The Damas Island Estuary of Costa Rica contains thousands of acres of protected mangrove forests. Red, black, white, and green (or “pineapple”) mangrove trees co-exist, providing ecosystems that are critical in the survival of several different plant and animal species. Conveniently located a mere ten minutes from the city of Quepos and only fifteen minutes from Manuel Antonio where Cafe Milagro’s Restaurant is located, travelers often take kayak trips through the canals of the forest in search of Costa Rican wildlife.
Native to the tropics and subtropics, mangrove forests exist in estuaries, where saltwater and fresh water come together. This unique quality makes them an environmental asset unlike any other tree as they provide habitats for creatures of land, sea, and air.
At the base of a mangrove trees is a massive root system that grows down through the water and spreads in various intertwining directions. When multiple trees combine together, it establishes a giant haven along the banks which constructs an entire infrastructure for countless species of fish, reptiles, and invertebrates. The protection that is provided by the entangled stems allows smaller fish and shrimp to mature, thus creating hunting grounds for their larger prey. This proves invaluable for the Costa Rican fishing industry. Bigger fish congregate at the foundation of the mangroves in search of food, therefore fisherman seek out the mangroves in search of the next big catch.
But the roots aren’t the only part of the mangrove where habitation prevails. The dense, leafy canopies provide housing for innumerable exotic bird species native to Costa Rica, while amongst the twisting branches slither the elongated form of various snakes. Capuchin monkeys can be seen playfully swinging from one mangrove to another while the lazy crawl of a sloth can go almost unnoticed. Even the endangered pygmy anteater, the smallest anteater in the world, makes its home within the mangroves full leaves.

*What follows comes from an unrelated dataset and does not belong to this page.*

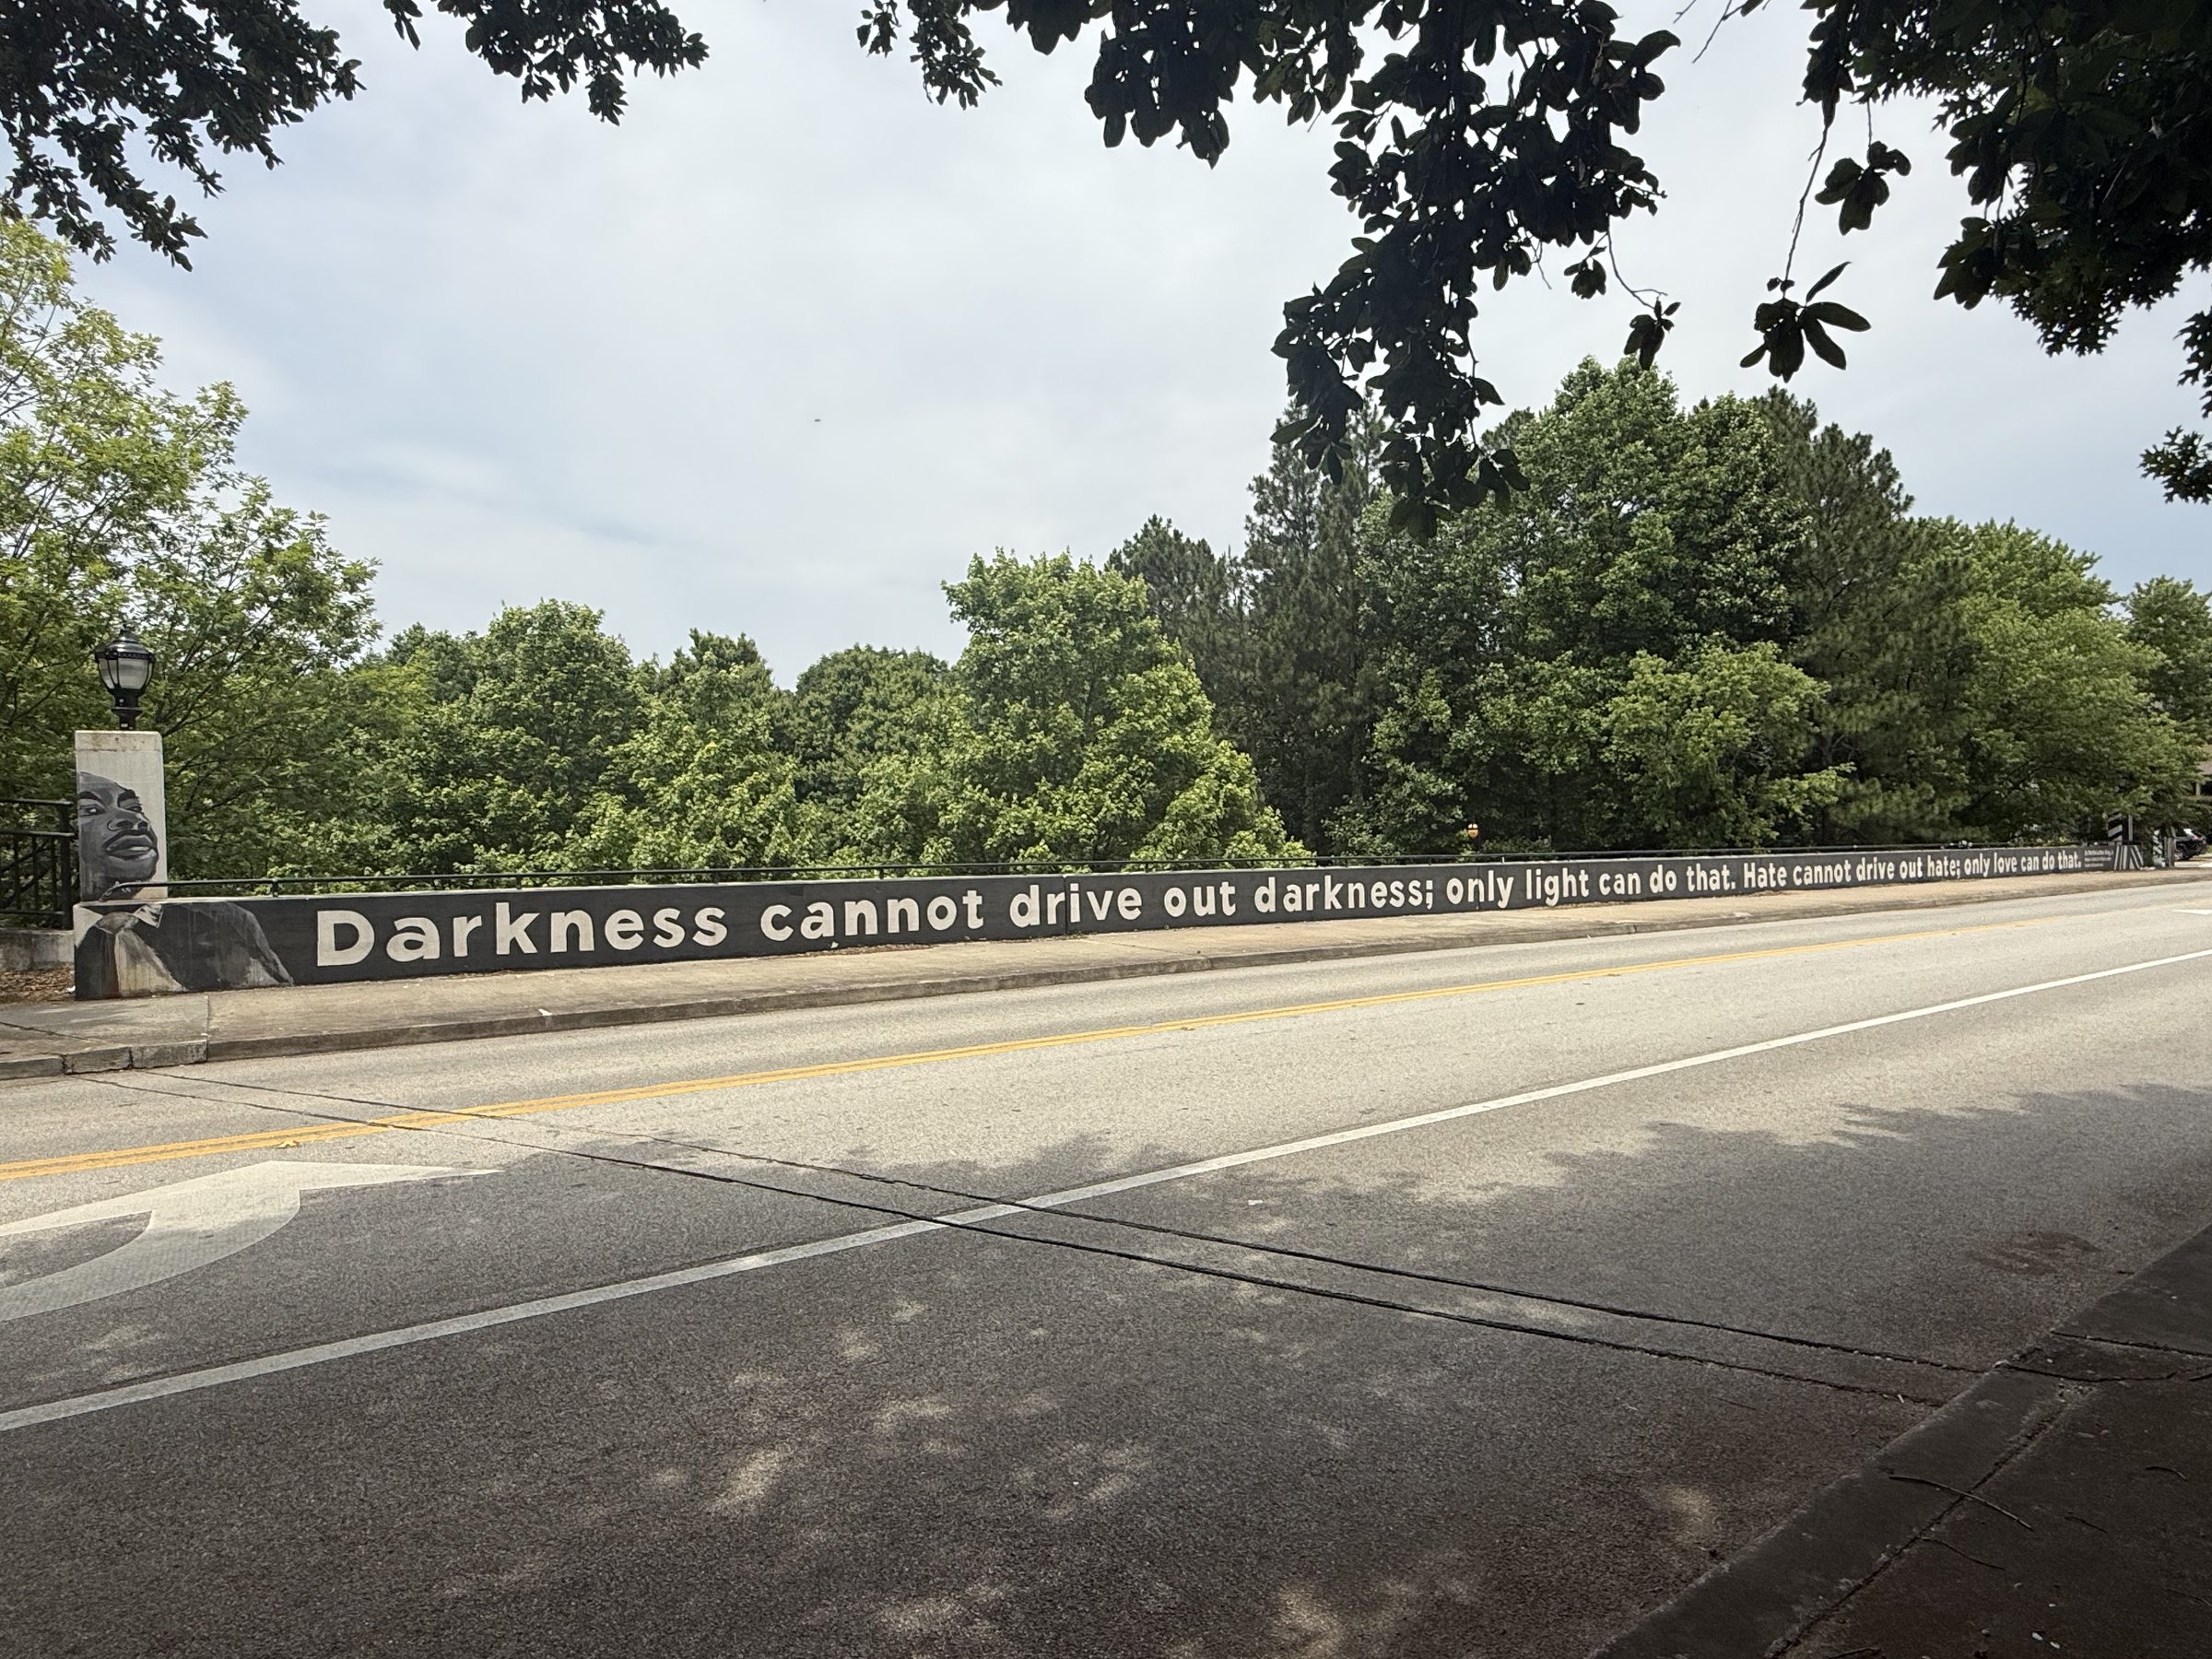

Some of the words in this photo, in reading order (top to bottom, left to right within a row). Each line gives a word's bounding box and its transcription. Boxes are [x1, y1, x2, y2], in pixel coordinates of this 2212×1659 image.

These ecosystems are vital for the survival of many different species, and that includes humans. Mangroves provide global benefits to the environment with their massive production of oxygen. Due to their density, they take in substantial amounts of carbon dioxide from within the atmosphere, thus emitting equally substantial amounts of oxygen. The many values of the mangroves are why there are several protected forests across the world.
A visit to the Damas Island Estuary provides a unique opportunity to learn the intricate details of Costa Rica’s ecological and environmental resources. The vast array of wildlife hidden within those thick forest walls make journeying through those waters a true Costa Rican adventure.